Problem
Would you reproduce all of the entries below, character for character?

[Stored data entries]

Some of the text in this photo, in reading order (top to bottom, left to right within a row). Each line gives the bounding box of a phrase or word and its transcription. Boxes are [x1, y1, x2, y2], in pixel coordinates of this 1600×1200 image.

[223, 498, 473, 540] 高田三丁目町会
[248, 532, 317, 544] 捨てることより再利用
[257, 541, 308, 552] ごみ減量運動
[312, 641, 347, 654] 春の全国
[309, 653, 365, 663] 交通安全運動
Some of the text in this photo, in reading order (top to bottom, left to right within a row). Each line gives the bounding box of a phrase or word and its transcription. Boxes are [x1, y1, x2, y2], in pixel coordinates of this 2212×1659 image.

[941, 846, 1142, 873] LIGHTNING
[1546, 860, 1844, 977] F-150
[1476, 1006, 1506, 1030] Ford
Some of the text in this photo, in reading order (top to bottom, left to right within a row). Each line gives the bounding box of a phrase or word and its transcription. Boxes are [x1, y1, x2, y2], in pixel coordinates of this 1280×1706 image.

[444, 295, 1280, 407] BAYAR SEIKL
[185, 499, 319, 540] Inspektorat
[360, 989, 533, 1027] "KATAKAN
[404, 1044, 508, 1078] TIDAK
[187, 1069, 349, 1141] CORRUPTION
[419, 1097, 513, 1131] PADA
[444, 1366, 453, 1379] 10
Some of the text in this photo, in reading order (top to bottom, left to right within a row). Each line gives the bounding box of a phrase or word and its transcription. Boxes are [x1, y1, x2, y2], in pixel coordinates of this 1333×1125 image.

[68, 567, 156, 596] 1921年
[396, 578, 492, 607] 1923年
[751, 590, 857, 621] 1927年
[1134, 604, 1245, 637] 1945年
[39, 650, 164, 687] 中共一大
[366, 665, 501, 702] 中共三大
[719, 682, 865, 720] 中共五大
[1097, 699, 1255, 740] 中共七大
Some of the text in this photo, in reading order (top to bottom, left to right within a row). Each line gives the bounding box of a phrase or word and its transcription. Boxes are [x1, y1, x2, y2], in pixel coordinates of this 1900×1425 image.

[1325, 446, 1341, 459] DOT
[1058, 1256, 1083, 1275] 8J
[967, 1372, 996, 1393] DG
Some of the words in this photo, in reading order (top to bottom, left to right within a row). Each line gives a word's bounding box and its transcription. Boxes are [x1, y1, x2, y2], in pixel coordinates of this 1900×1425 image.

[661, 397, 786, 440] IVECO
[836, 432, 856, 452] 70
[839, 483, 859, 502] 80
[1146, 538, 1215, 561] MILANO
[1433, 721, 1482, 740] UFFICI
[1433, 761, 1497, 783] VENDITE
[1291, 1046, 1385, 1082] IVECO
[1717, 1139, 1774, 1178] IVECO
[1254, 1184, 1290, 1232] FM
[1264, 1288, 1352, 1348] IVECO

Exercise response
Some of the text in this photo, in reading order (top to bottom, left to right within a row). Each line gives the bounding box of a phrase or word and its transcription. Boxes are [x1, y1, x2, y2], in pixel coordinates of this 1600×1200 image.

[223, 498, 473, 540] 高田三丁目町会
[248, 532, 317, 544] 捨てることより再利用
[257, 541, 308, 552] ごみ減量運動
[312, 641, 347, 654] 春の全国
[309, 653, 365, 663] 交通安全運動
Some of the text in this photo, in reading order (top to bottom, left to right within a row). Each line gives the bounding box of a phrase or word and its transcription. Boxes are [x1, y1, x2, y2], in pixel coordinates of this 2212×1659 image.

[941, 846, 1142, 873] LIGHTNING
[1546, 860, 1844, 977] F-150
[1476, 1006, 1506, 1030] Ford
Some of the text in this photo, in reading order (top to bottom, left to right within a row). Each line gives the bounding box of a phrase or word and its transcription. Boxes are [x1, y1, x2, y2], in pixel coordinates of this 1280×1706 image.

[444, 295, 1280, 407] BAYAR SEIKL
[185, 499, 319, 540] Inspektorat
[360, 989, 533, 1027] "KATAKAN
[404, 1044, 508, 1078] TIDAK
[187, 1069, 349, 1141] CORRUPTION
[419, 1097, 513, 1131] PADA
[444, 1366, 453, 1379] 10
Some of the text in this photo, in reading order (top to bottom, left to right within a row). Each line gives the bounding box of a phrase or word and its transcription. Boxes are [x1, y1, x2, y2], in pixel coordinates of this 1333×1125 image.

[68, 567, 156, 596] 1921年
[396, 578, 492, 607] 1923年
[751, 590, 857, 621] 1927年
[1134, 604, 1245, 637] 1945年
[39, 650, 164, 687] 中共一大
[366, 665, 501, 702] 中共三大
[719, 682, 865, 720] 中共五大
[1097, 699, 1255, 740] 中共七大
Some of the text in this photo, in reading order (top to bottom, left to right within a row). Each line gives the bounding box of a phrase or word and its transcription. Boxes are [x1, y1, x2, y2], in pixel coordinates of this 1900×1425 image.

[1325, 446, 1341, 459] DOT
[1058, 1256, 1083, 1275] 8J
[967, 1372, 996, 1393] DG
Some of the words in this photo, in reading order (top to bottom, left to right within a row). Each line gives a word's bounding box and its transcription. Boxes are [x1, y1, x2, y2], in pixel coordinates of this 1900×1425 image.

[661, 397, 786, 440] IVECO
[836, 432, 856, 452] 70
[839, 483, 859, 502] 80
[1146, 538, 1215, 561] MILANO
[1433, 721, 1482, 740] UFFICI
[1433, 761, 1497, 783] VENDITE
[1291, 1046, 1385, 1082] IVECO
[1717, 1139, 1774, 1178] IVECO
[1254, 1184, 1290, 1232] FM
[1264, 1288, 1352, 1348] IVECO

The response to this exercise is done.